Until there’s a cure? How about “until we find the CAUSE,” so that we blameless vixens don’t have to suffer the god-awful “cures.” During chemotherapy, I remember thinking, “If this stupid disease doesn’t kill me, the cure sure as hell will.”

Rant over. Barbara Ehrenreich, in “Welcome to Cancerland: the Kitsch and Culture of Breast Cancer Awareness” does it more eloquently than I ever could. So did the late, great Molly Ivins, who died from this crappy disease.

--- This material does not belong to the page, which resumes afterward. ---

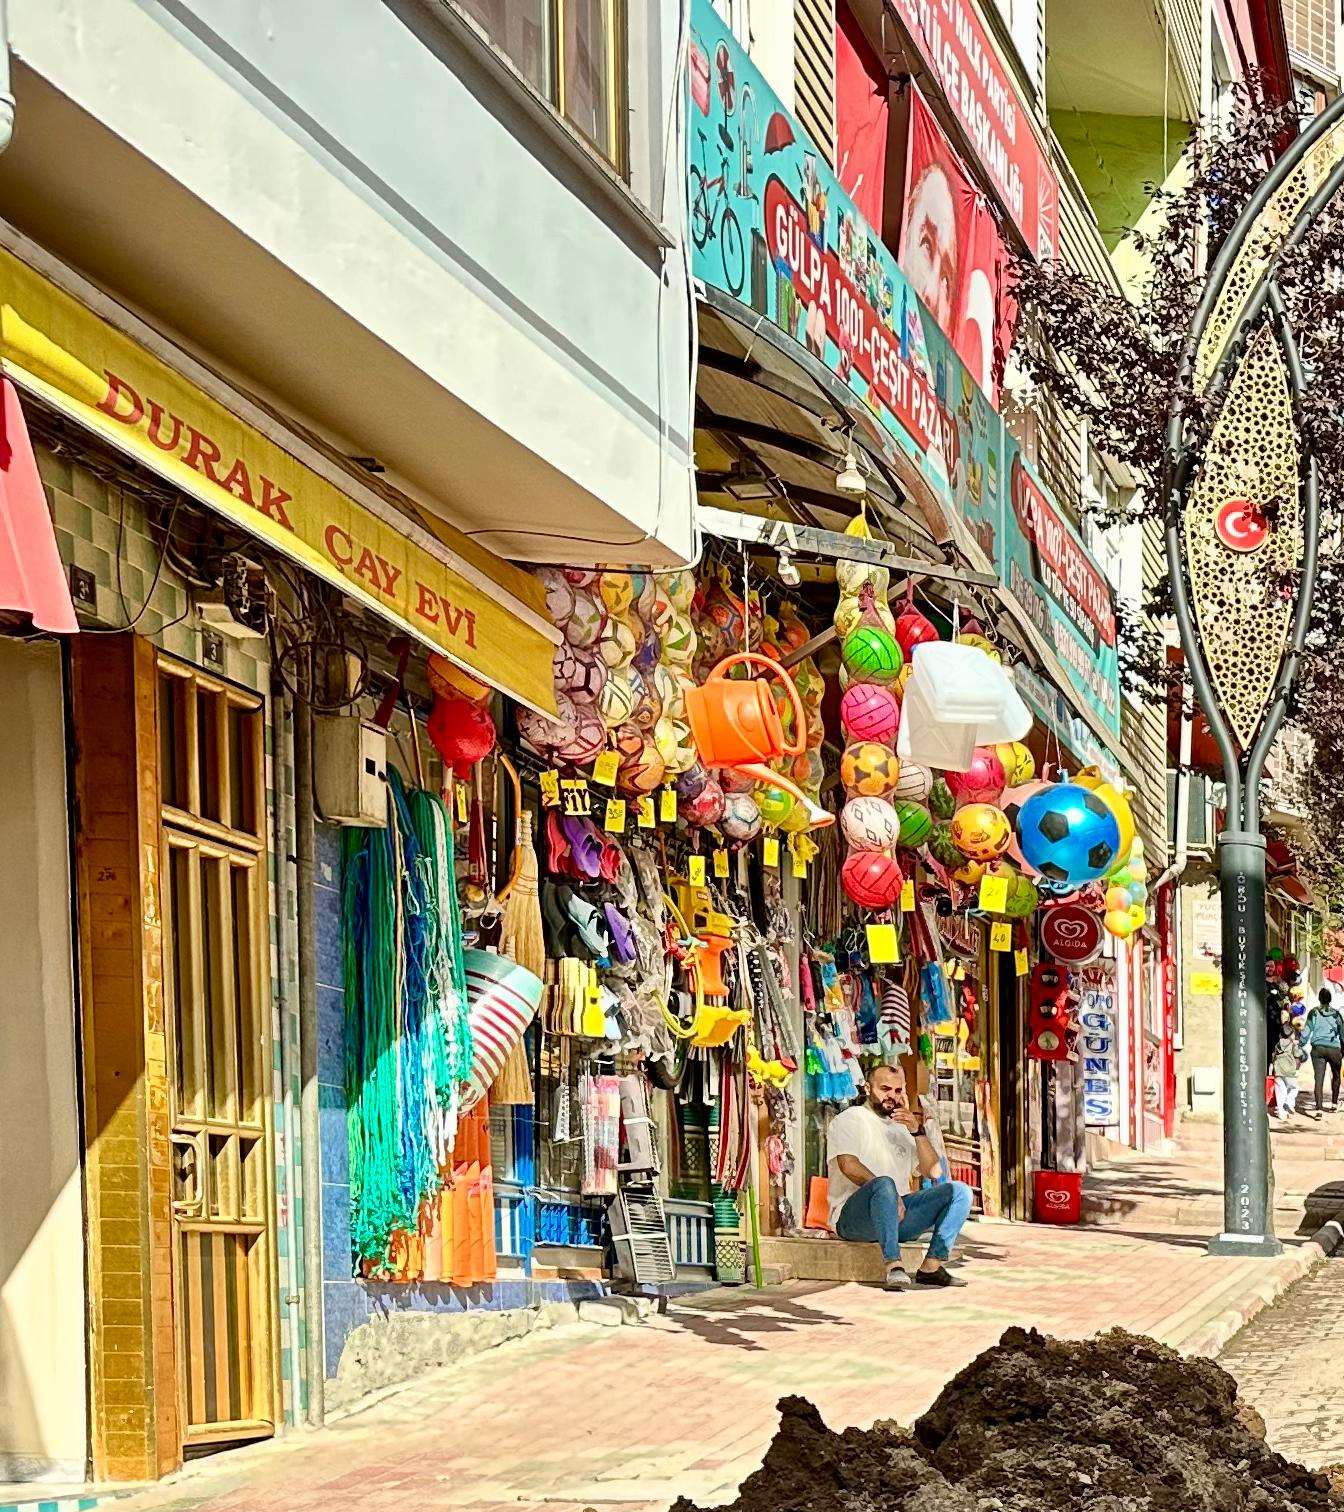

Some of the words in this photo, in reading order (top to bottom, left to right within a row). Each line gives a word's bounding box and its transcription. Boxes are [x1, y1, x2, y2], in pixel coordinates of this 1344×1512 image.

After I was diagnosed with breast cancer a second time, and before my first-ever chemotherapy infusion six years ago on October 1st, I attended a chemo education class. The purpose? To “fight fear with knowledge.” Right. The class was filled with folks who were either spitting mad or helplessly weeping. The angry ones heckled the hapless nurse educator and her cheerful PowerPoint, illustrating frowning cancer cells, buff white blood cells, and smiling broccoli. Those hecklers were recidivists, returned to chemo penitentiary because the first incarceration had failed to reform their badass criminal cancers. They weren’t buying any of the “fight fear with knowledge” crap. They just wanted to fight. The weepers were worse: they simply sat there, sobbing My 49-year-old self walked out of that miserable session more terrified than the first time I was told I had breast cancer, at 39.

Remember, too, that along with the happy cruciferous vegetable lectures, medicos will narrate the treatment worst-case scenario style. Or they don’t tell you anything at all, so that you won’t “manifest unnecessary symptoms.” Huh? Who would want to make this stuff up?

You will experience many of the gruesome side effects, but you won’t experience all, or to the hideous degree described. And you will survive all of them, and live to tell the tale.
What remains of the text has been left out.